In Italia un duello di mercato del genere sarebbe impossibile anche da immaginare. Un top club del massimo campionato cui fa concorrenza una big della serie inferiore per assicurarsi un ex capitano della Nazionale. Eppure è tutto vero. Al centro delle attenzioni c’è John Terry, che dopo aver fatto clamorosamente saltare in extremis il trasferimento allo Spartak Mosca, è tornato ad essere un obiettivo dell’Aston Villa, club di Championship con cui il giocatore aveva firmato per una stagione lo scorso anno dopo il distacco dal Chelsea. A propria volta però anche i blues sarebbero interessati a quello che sarebbe un clamoroso ritorno come riporta il Sunday Express.

Il manager dell’Aston Villa, Steve Bruce, ne ha parlato apertamente, ammettendo però l’esistenza del rischio di doversi arrendere di fronte all’ingaggio superiore che il Chelsea è pronto a mettere sul piatto.
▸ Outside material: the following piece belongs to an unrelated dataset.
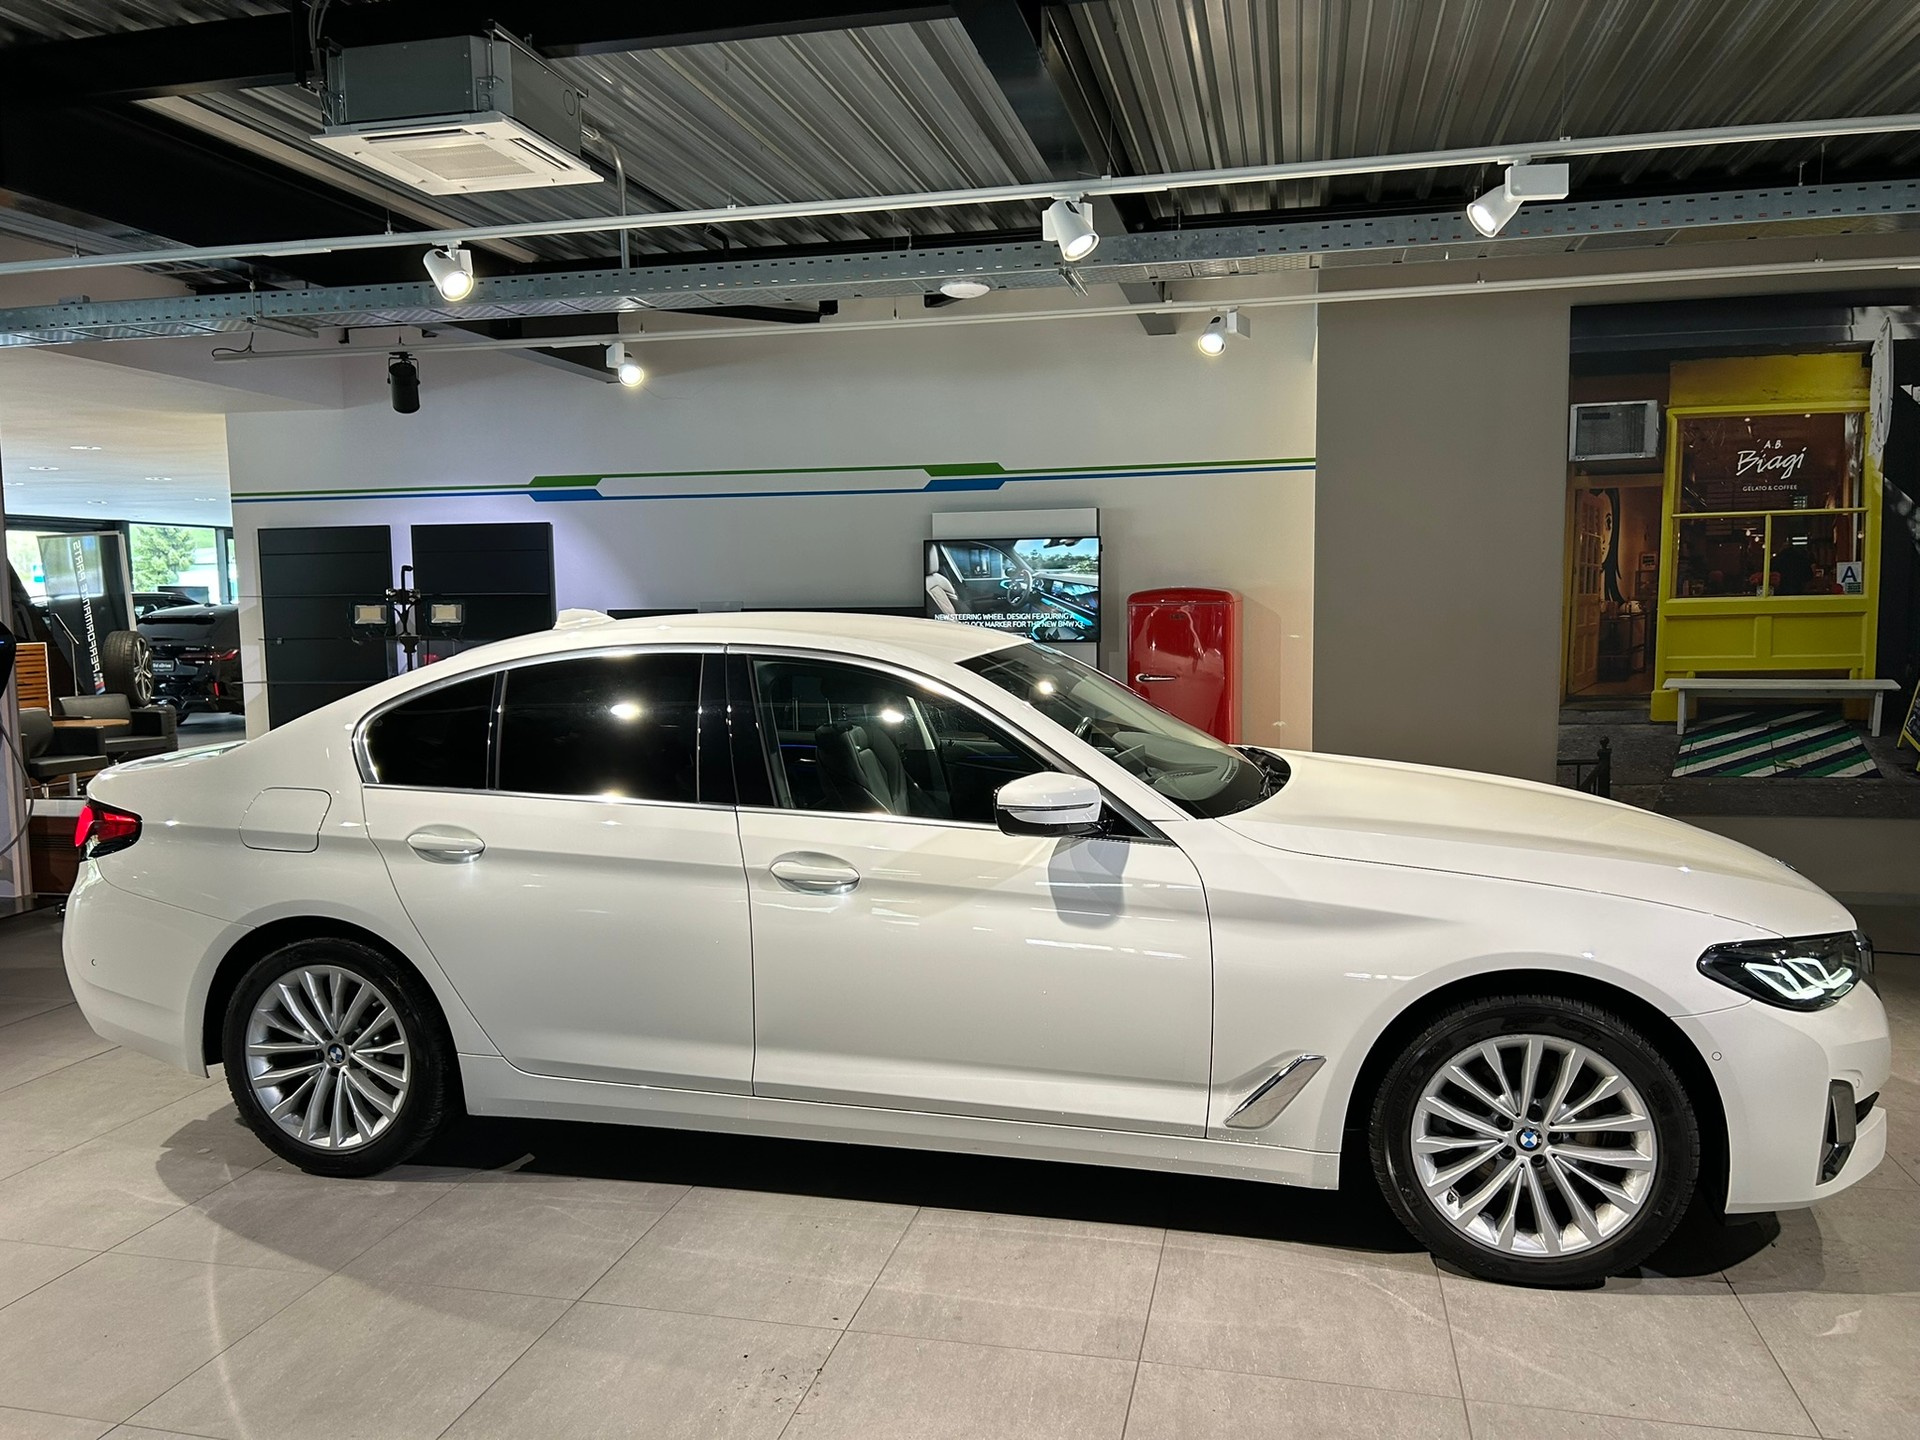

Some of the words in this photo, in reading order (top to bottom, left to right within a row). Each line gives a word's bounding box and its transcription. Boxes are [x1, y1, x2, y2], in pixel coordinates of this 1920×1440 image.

I Villans sono infatti alle prese con un momento difficile a livello societario essendo nel mirino dell’Uefa Financial Fair Play dopo il rimpasto estivo che ha portato la maggioranza del club dal controllo del magnate cinese Tony Xia a quelle di Nassef Sawiris e Wes Edens. Inoltre, il “paracadute” di cui godrà quest’anno l’Aston Villa sarà inferiore a quello delle ultime due stagioni dopo che la squadra ha fallito per due anni di fila il ritorno in Premier League, frequentata ininterrottamente dal 1992, cui aggiungere quattro stagioni precedenti di First Division.

“Speriamo di poter riavere presto Terry con noi, ma non sono ottimista – ha detto Bruce – Purtroppo al termine della scorsa stagione non abbiamo potuto fargli una nuova offerta e l’ingaggio di quest’anno sarebbe inferiore a quello dello scorso anno”.